Who should read the report

Media professionals in charge of digital subscriptions and pricing strategy.

Author

Dawn McMullan is senior editor of the International News Media Association (INMA) and a freelance author across numerous magazines.

Detailed overview

The pandemic-driven subscription surge and the rise of segmented approaches to audience management are driving new urgency for sharper pricing strategies by media companies as markets emerge from the worst of COVID-19, according to a new report by the International News Media Association (INMA).

“Subscription Pricing: From COVID Bump to Sustainable Revenue” dives into why pricing is so important, why it’s so difficult, and who is doing it well today.
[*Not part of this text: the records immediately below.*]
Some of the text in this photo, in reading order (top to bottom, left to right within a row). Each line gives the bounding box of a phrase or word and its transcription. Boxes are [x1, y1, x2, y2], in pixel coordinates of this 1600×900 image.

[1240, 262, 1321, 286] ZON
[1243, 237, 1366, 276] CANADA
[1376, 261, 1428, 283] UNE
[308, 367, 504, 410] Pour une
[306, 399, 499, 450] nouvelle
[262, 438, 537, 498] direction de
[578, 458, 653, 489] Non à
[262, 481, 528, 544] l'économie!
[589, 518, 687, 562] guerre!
“Pricing is the fastest and most effective way for media businesses to increase profits,” says INMA Researcher-in-Residence Greg Piechota. Yet while some media companies are well into prioritising their pricing strategy, many do not yet have a road map in place. The good news is this: Most of the media industry learned in 2020 how important a pricing strategy is.
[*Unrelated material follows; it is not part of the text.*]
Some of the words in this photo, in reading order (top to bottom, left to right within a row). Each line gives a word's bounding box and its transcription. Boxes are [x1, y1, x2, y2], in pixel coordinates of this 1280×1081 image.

Dawn McMullan, senior editor at INMA and lead author on the report, talked to Piechota, as well as pricing experts from FTI Consulting, Mather Economics, and Piano. Case studies from Dennik N in Slovakia, The Boston Globe in the United States, Politiken in Denmark, Amedia in Finland, and Malaysiakini in Malaysia also share current success stories about subscription pricing.

Key takeaways from the INMA report include:

  • Charging your more engaged customers more over time, the “revenue maximising journey,” is generally accepted as a best practice.
  • A digital subscriptions strategy means volume first (which COVID gifted the news industry), pricing second. Yet smart pricing is key to both acquisition and retention.
  • Data, not gut feelings, must guide pricing strategy.
  • Most media companies are not competing with The New York Times or Netflix, so prices shouldn’t be based on those subscription models.
  • Media companies can’t switch print readers who were paying US$40+ per month to digital readers paying US$10 per month. Those prices need to get closer.
  • Research shows what price change individual customers will tolerate.
  • Customer lifetime value (CLTV) is a key factor when determining pricing strategies.

The goal with all of this: establish a business model based on a direct reader relationship that sustains journalism.